EXERCISE REQUIREMENTS:
Return the records word for word. Any pictures in them are not part of the copy.

DATA TO PROCESS:
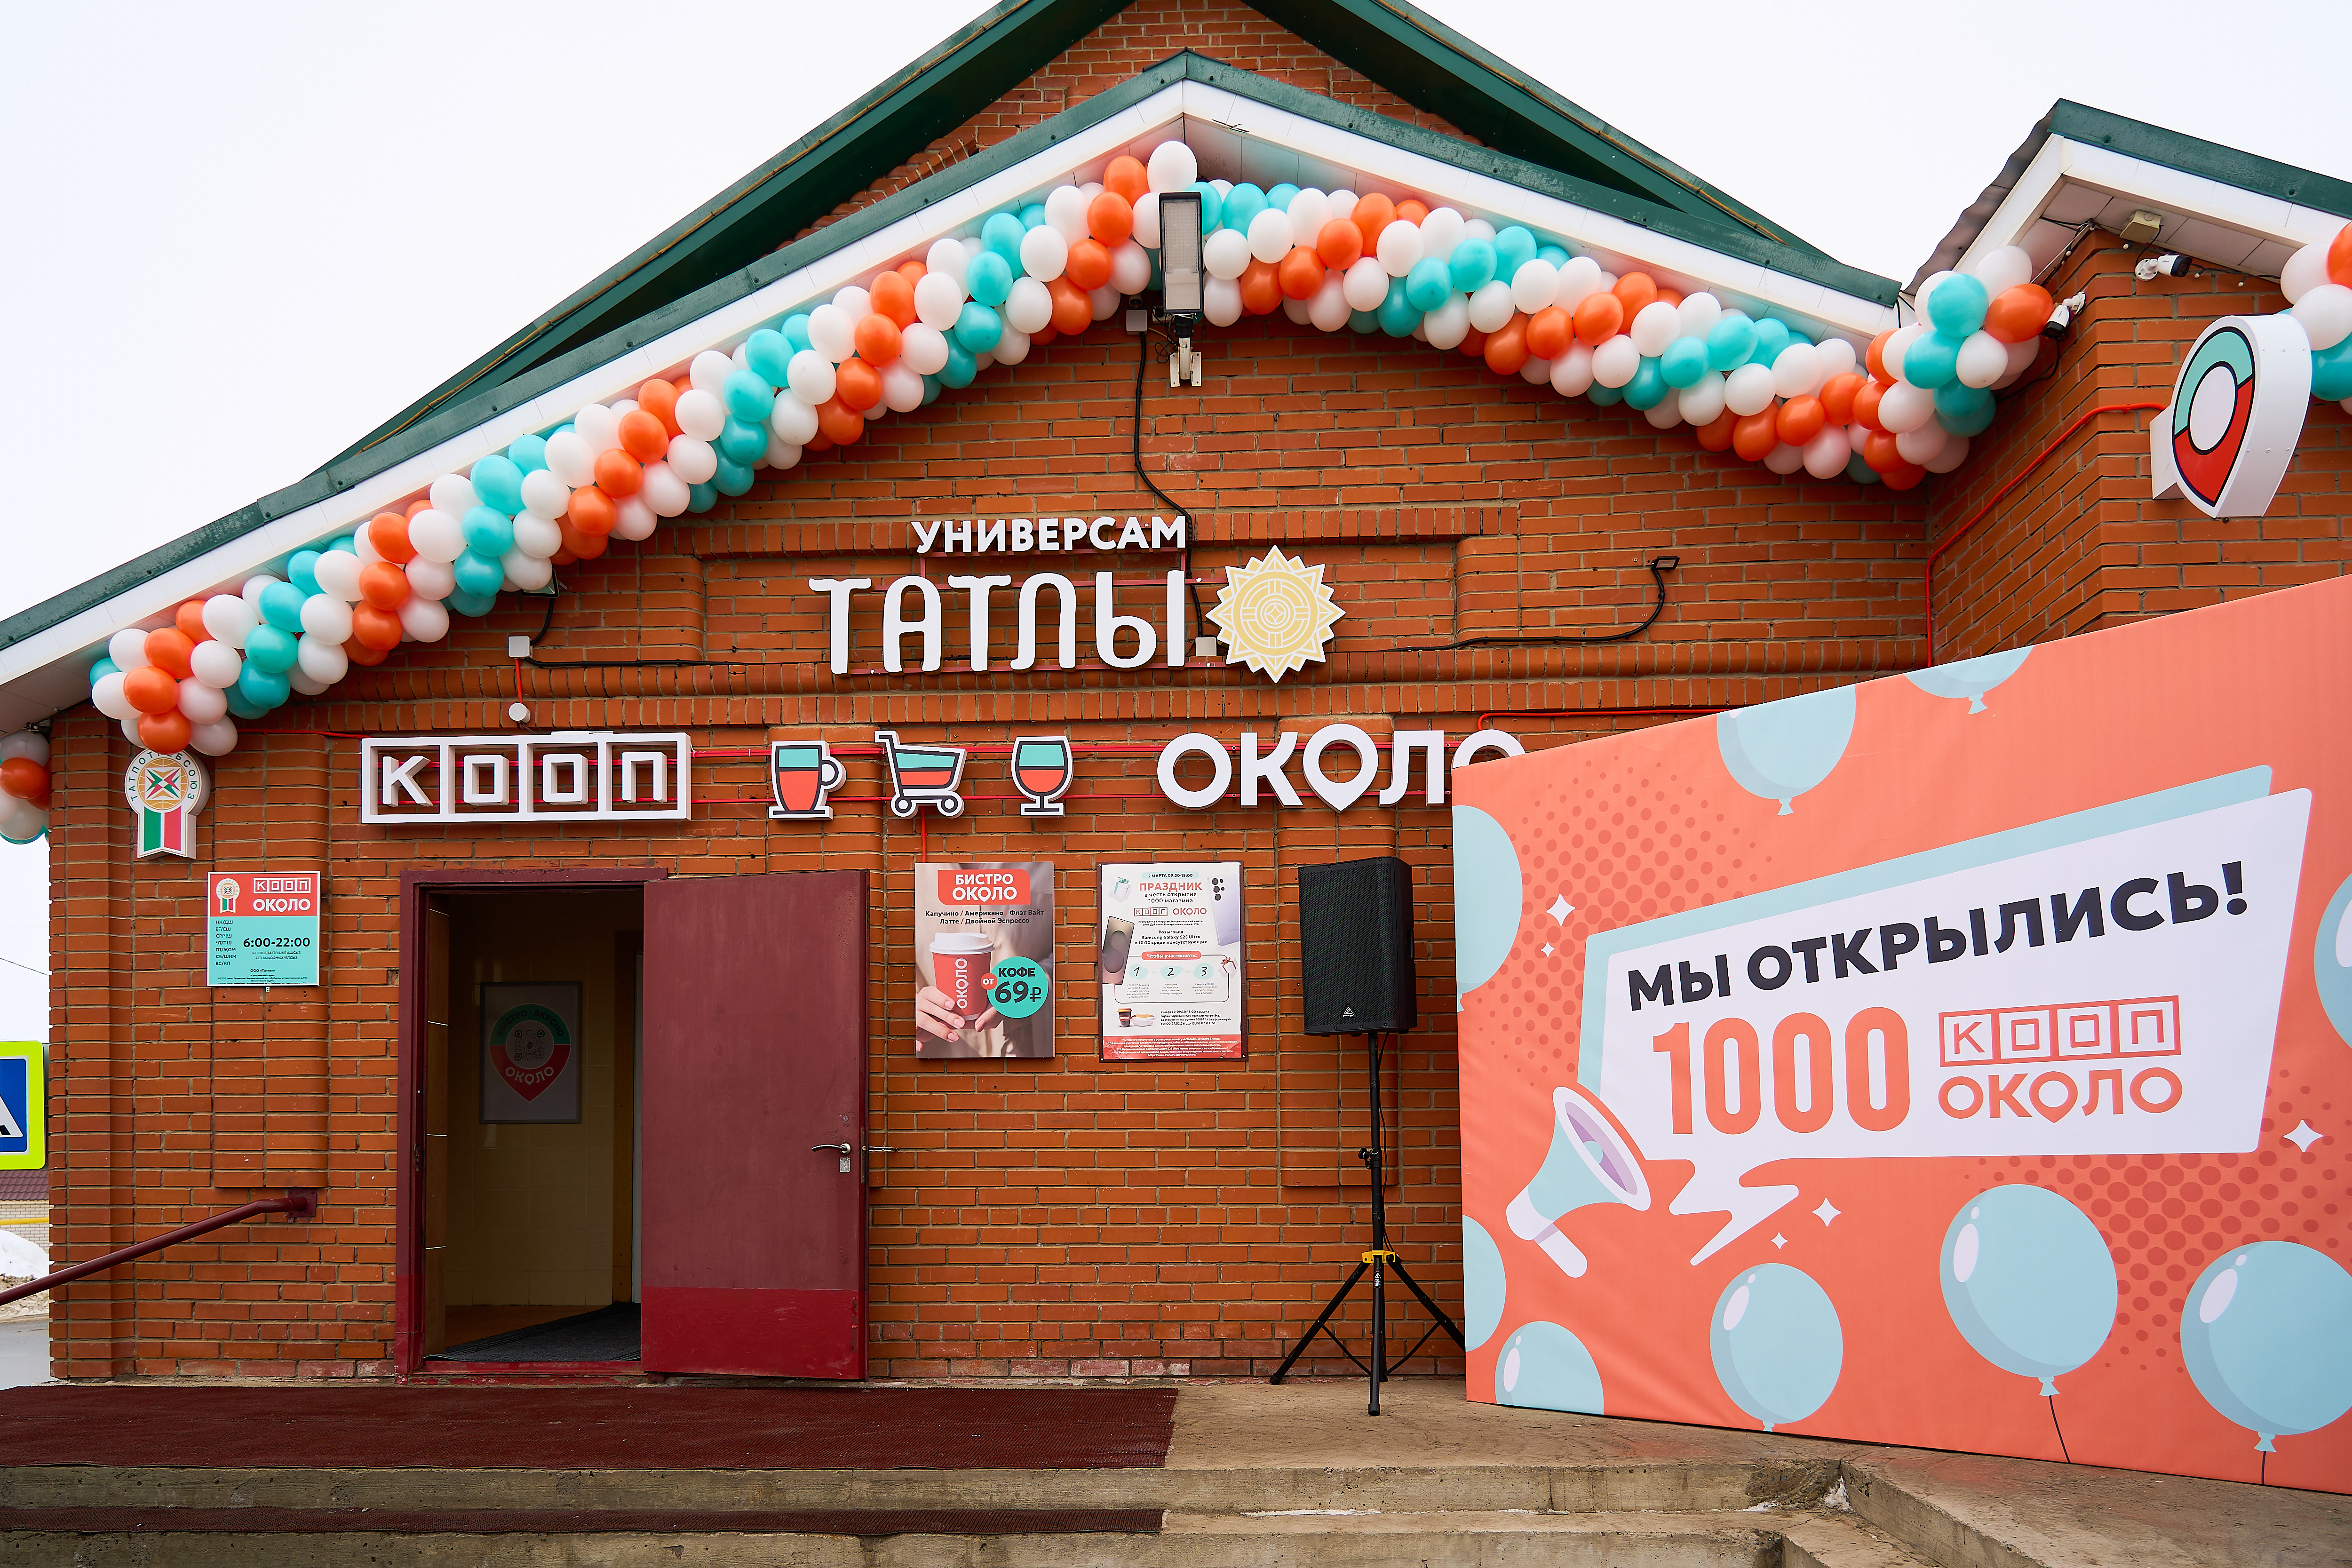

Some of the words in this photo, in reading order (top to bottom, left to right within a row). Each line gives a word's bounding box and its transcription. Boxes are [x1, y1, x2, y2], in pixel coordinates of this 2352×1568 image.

[911, 516, 1185, 554] УНИВЕРСАМ
[808, 570, 1185, 675] ТАТЛЫ
[128, 751, 197, 801] ТАТПОТБСОЮЗ
[382, 751, 667, 807] КООП
[257, 881, 307, 891] КООП
[955, 874, 1014, 885] БИСТРО
[1139, 882, 1202, 892] ПРАЗДНИК
[253, 898, 311, 913] ОКОЛО
[953, 886, 1017, 902] ОКОЛО
[243, 937, 310, 947] 6:00-22:00
[1627, 954, 1732, 1011] МЫ
[1747, 860, 2248, 990] ОТКРЫЛИСЬ!
[955, 958, 969, 1009] ОКОЛО
[998, 967, 1035, 978] КОФЕ
[1134, 967, 1140, 976] 1
[1167, 968, 1174, 976] 2
[1200, 966, 1208, 976] 3
[496, 1010, 527, 1036] БЫСТРО
[534, 1010, 564, 1036] ВКУСНО
[1953, 1009, 2166, 1055] КООП
[505, 1067, 554, 1085] ОКОЛО
[1652, 1006, 1911, 1135] 1000
[1938, 1067, 2183, 1124] ОКОЛО
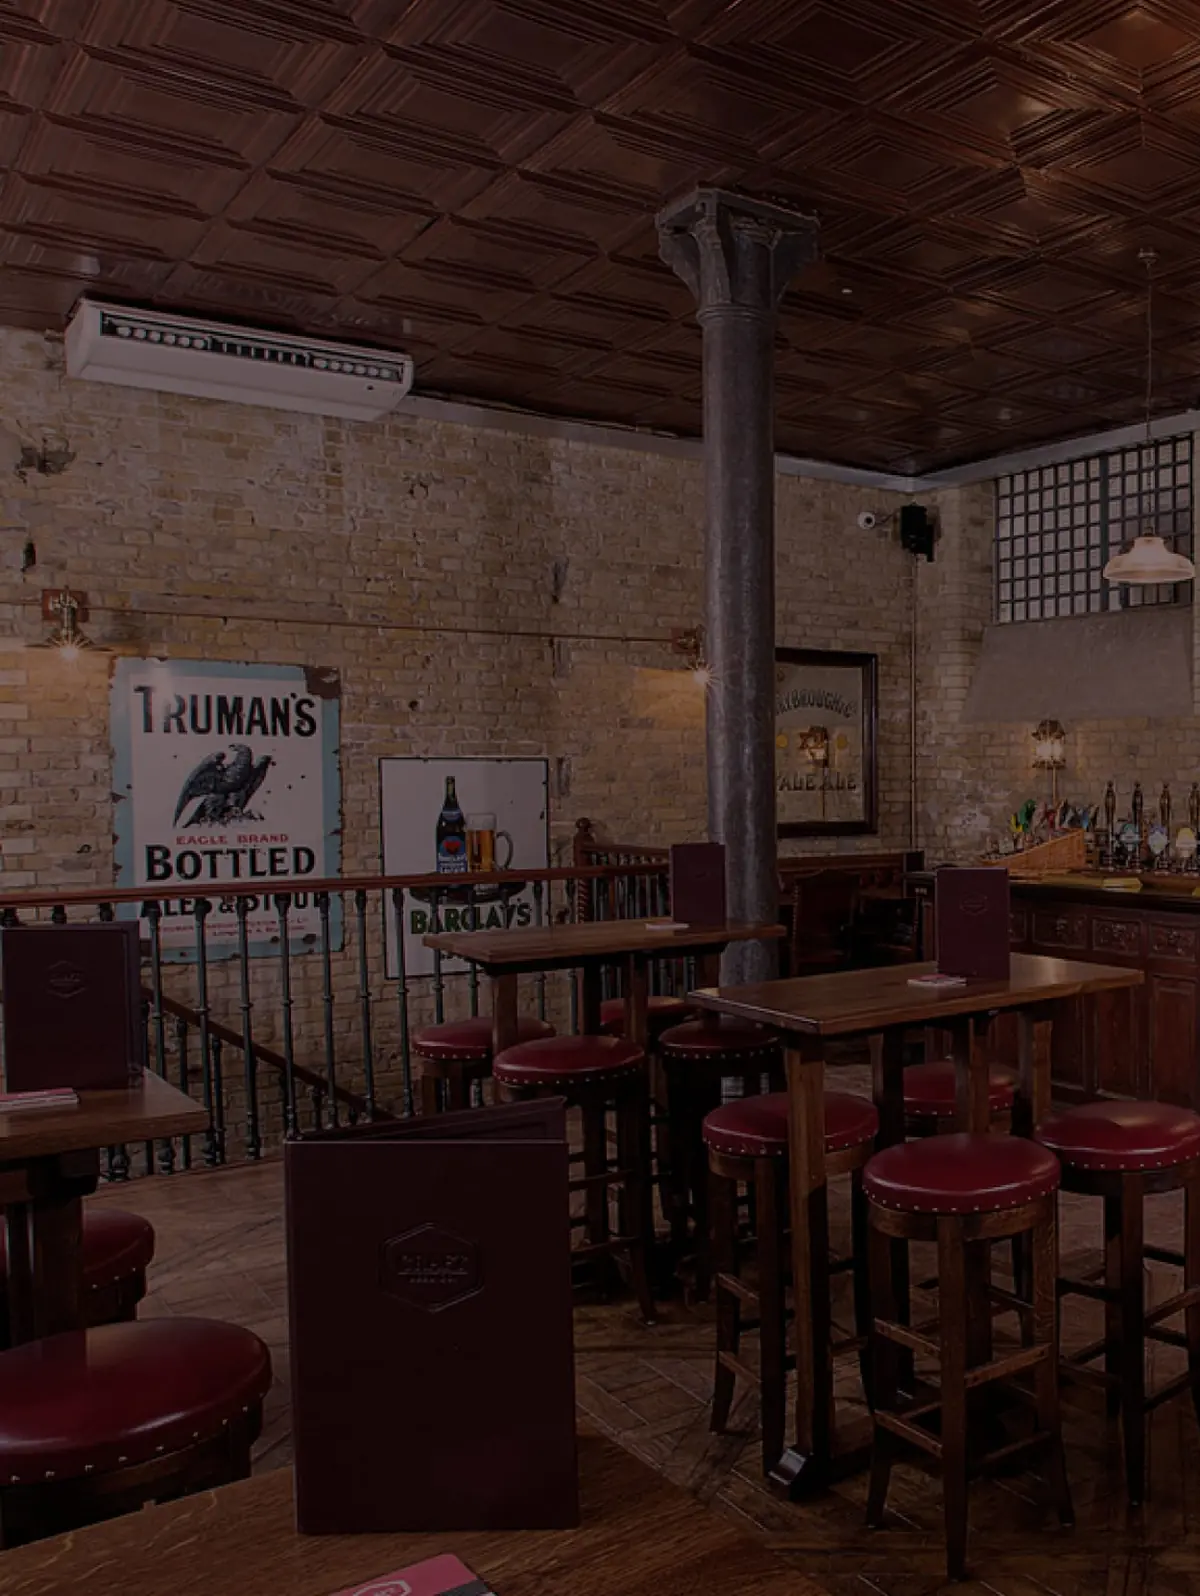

ANSWER TO THE EXERCISE:
Some of the words in this photo, in reading order (top to bottom, left to right within a row). Each line gives a word's bounding box and its transcription. Boxes are [x1, y1, x2, y2], in pixel coordinates of this 2352×1568 image.

[911, 516, 1185, 554] УНИВЕРСАМ
[808, 570, 1185, 675] ТАТЛЫ
[128, 751, 197, 801] ТАТПОТБСОЮЗ
[382, 751, 667, 807] КООП
[257, 881, 307, 891] КООП
[955, 874, 1014, 885] БИСТРО
[1139, 882, 1202, 892] ПРАЗДНИК
[253, 898, 311, 913] ОКОЛО
[953, 886, 1017, 902] ОКОЛО
[243, 937, 310, 947] 6:00-22:00
[1627, 954, 1732, 1011] МЫ
[1747, 860, 2248, 990] ОТКРЫЛИСЬ!
[955, 958, 969, 1009] ОКОЛО
[998, 967, 1035, 978] КОФЕ
[1134, 967, 1140, 976] 1
[1167, 968, 1174, 976] 2
[1200, 966, 1208, 976] 3
[496, 1010, 527, 1036] БЫСТРО
[534, 1010, 564, 1036] ВКУСНО
[1953, 1009, 2166, 1055] КООП
[505, 1067, 554, 1085] ОКОЛО
[1652, 1006, 1911, 1135] 1000
[1938, 1067, 2183, 1124] ОКОЛО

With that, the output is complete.